What you are asked to do → Please retype the listing exactly as it appears, skipping each picture.

Dataset content →
..............................

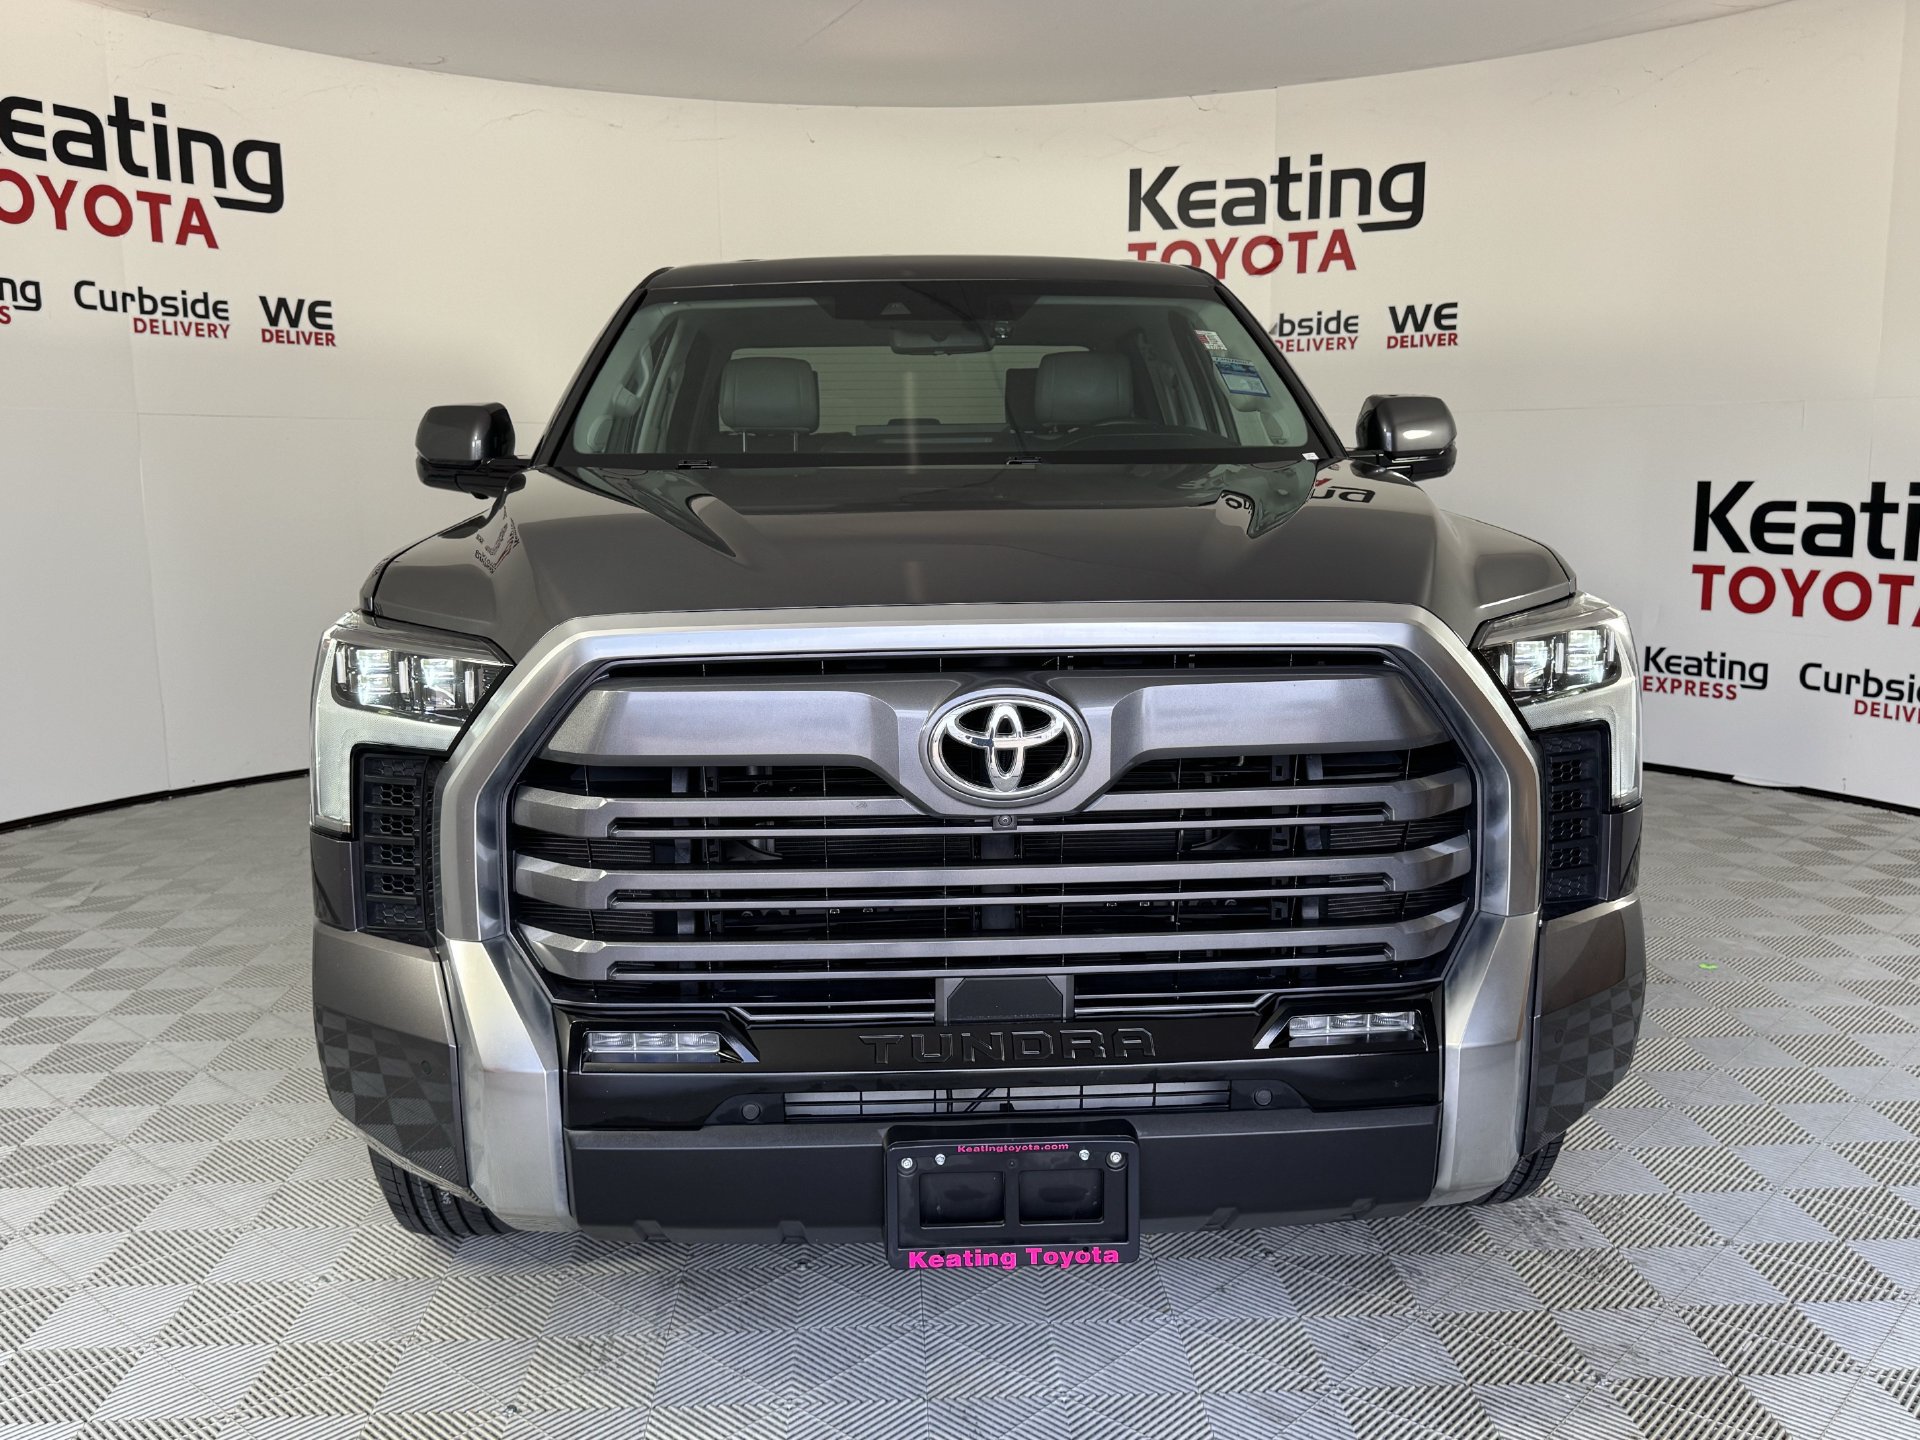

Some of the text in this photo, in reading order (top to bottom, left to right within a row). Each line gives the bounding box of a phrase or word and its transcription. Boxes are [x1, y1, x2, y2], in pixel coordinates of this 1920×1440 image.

[1127, 152, 1427, 233] Keating
[73, 279, 230, 321] Curbside
[258, 295, 334, 331] WE
[133, 317, 231, 340] DELIVERY
[1388, 301, 1459, 334] WE
[261, 328, 337, 347] DELIVER
[1386, 331, 1459, 349] DELIVER
[1691, 563, 1920, 628] TOYOT
[1643, 645, 1769, 691] Keating
[1799, 662, 1920, 704] Curbsi
[1642, 676, 1738, 701] EXPRESS
[1853, 699, 1920, 724] DELIV
[859, 1027, 1157, 1065] TUNDRA
[957, 1143, 1069, 1153] Keatingtoyota.com
[907, 1246, 1120, 1271] Keating Toyota

..............................

Solution to this task →
Some of the text in this photo, in reading order (top to bottom, left to right within a row). Each line gives the bounding box of a phrase or word and its transcription. Boxes are [x1, y1, x2, y2], in pixel coordinates of this 1920×1440 image.

[1127, 152, 1427, 233] Keating
[73, 279, 230, 321] Curbside
[258, 295, 334, 331] WE
[133, 317, 231, 340] DELIVERY
[1388, 301, 1459, 334] WE
[261, 328, 337, 347] DELIVER
[1386, 331, 1459, 349] DELIVER
[1691, 563, 1920, 628] TOYOT
[1643, 645, 1769, 691] Keating
[1799, 662, 1920, 704] Curbsi
[1642, 676, 1738, 701] EXPRESS
[1853, 699, 1920, 724] DELIV
[859, 1027, 1157, 1065] TUNDRA
[957, 1143, 1069, 1153] Keatingtoyota.com
[907, 1246, 1120, 1271] Keating Toyota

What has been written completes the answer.